Skip to content

Dynamic DNS

t1n1wall includes a Dynamic DNS client that automatically updates DNS records when the WAN IP address changes. This is useful when the WAN address is dynamically assigned by the ISP and you need external hostnames to remain resolvable.

Web UI location

Services > Dynamic DNS

Two independent methods are supported: Traditional DynDNS-style providers and RFC 2136 TSIG-based updates.


Traditional Dynamic DNS

Supported providers

Provider Service type value
DynDNS (dynamic) dyndns
DynDNS (static) dyndns-static
DynDNS (custom) dyndns-custom
DHS dhs
ODS ods
DyNS dyns
HN.ORG hn
ZoneEdit zoneedit
GNUDip gnudip
easyDNS easydns
EZ-IP ezip
TZO tzo

Configuration

Field Notes
Enable Master toggle
Service type Select from the provider list above
Hostname The DNS name to update (e.g., myhome.dyndns.org)
Server Optional: custom update server hostname (uses provider default if blank)
Port Optional: custom port (uses provider default if blank)
MX record Optional: mail exchange hostname (not all providers support this)
Wildcard Enable wildcard DNS record for the hostname
Username Provider account username
Password Provider account password

Behaviour

The client monitors the WAN IP address. When a change is detected, it sends an update to the configured provider. On save, the provider cache is cleared to force an immediate update check.

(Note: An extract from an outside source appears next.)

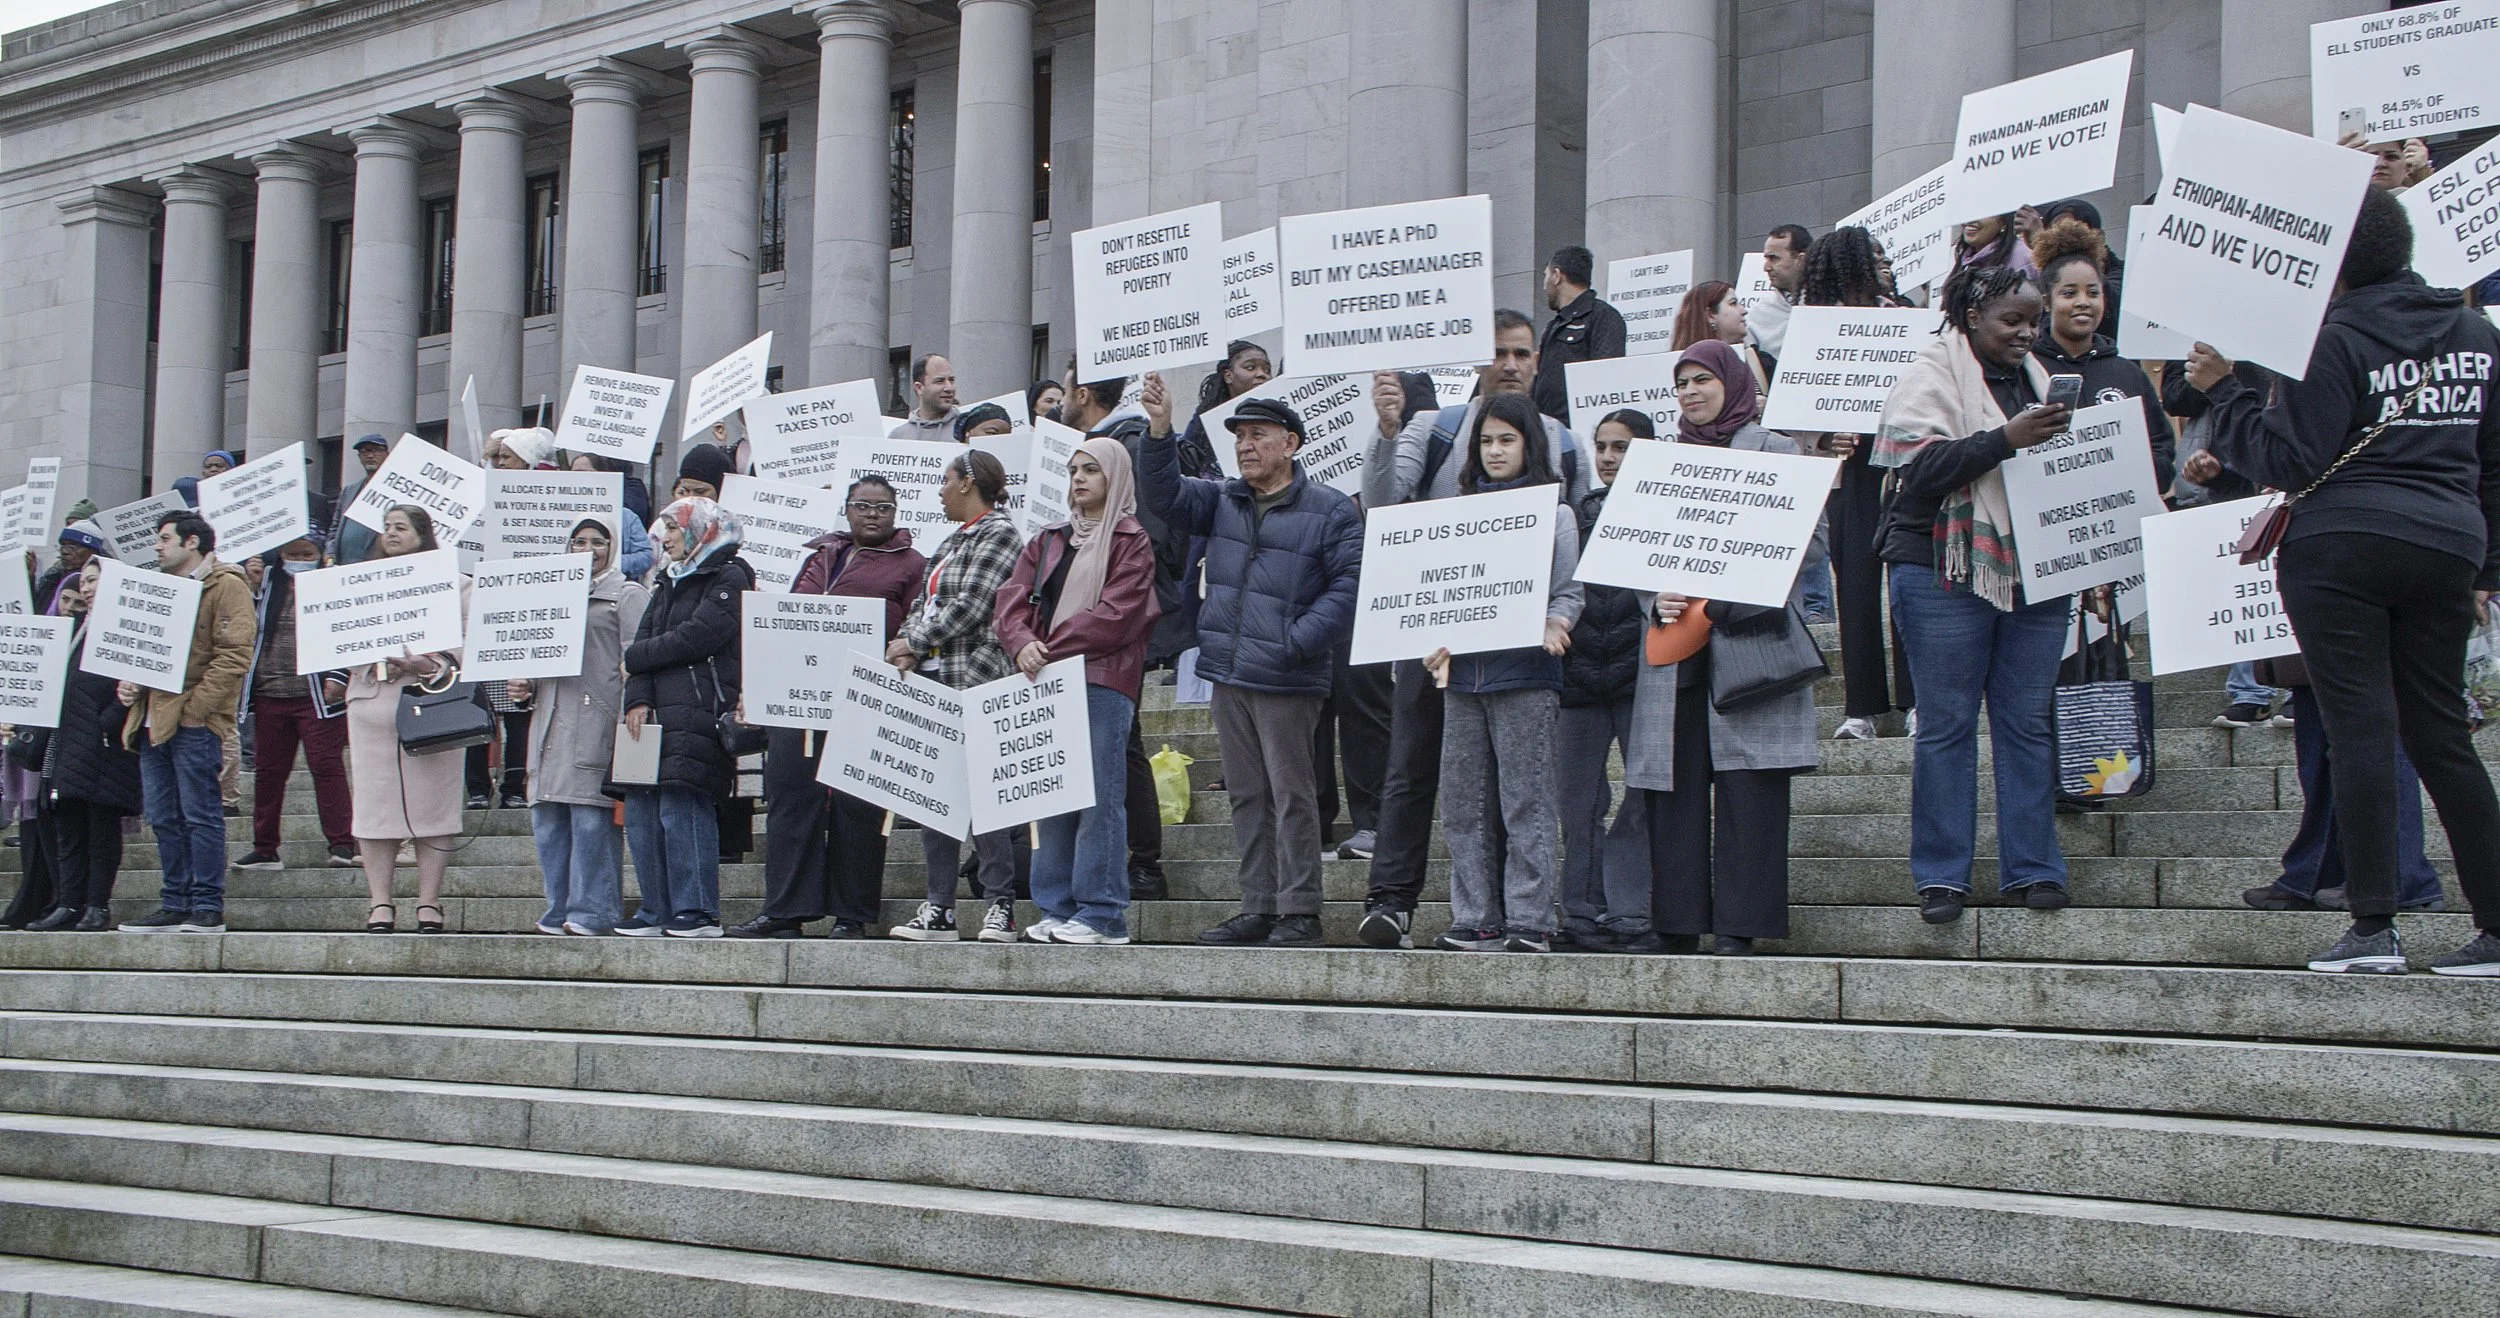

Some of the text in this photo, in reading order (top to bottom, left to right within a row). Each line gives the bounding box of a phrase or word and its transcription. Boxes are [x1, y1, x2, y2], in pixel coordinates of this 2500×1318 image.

The system must have a working DNS server configured (or DNS relay active) to resolve update server hostnames.


RFC 2136 Dynamic DNS

RFC 2136 is a DNS protocol extension allowing authenticated DNS updates directly to a nameserver using TSIG (Transaction SIGnature) key-based authentication. This is commonly used with BIND and other authoritative nameservers where you manage your own DNS infrastructure.

Configuration

Field Notes
Enable Master toggle (independent of traditional DynDNS)
Hostname DNS server that accepts RFC 2136 updates
TTL Time-to-live for the updated record (seconds, default 60)
Key name TSIG key identifier — must match the key configured on the DNS server
Key HMAC-MD5 key data (base64-encoded secret)
Use TCP Send update over TCP instead of UDP

The key name and key data must exactly match what is configured on the receiving nameserver. A mismatch results in authentication failure and the record will not be updated.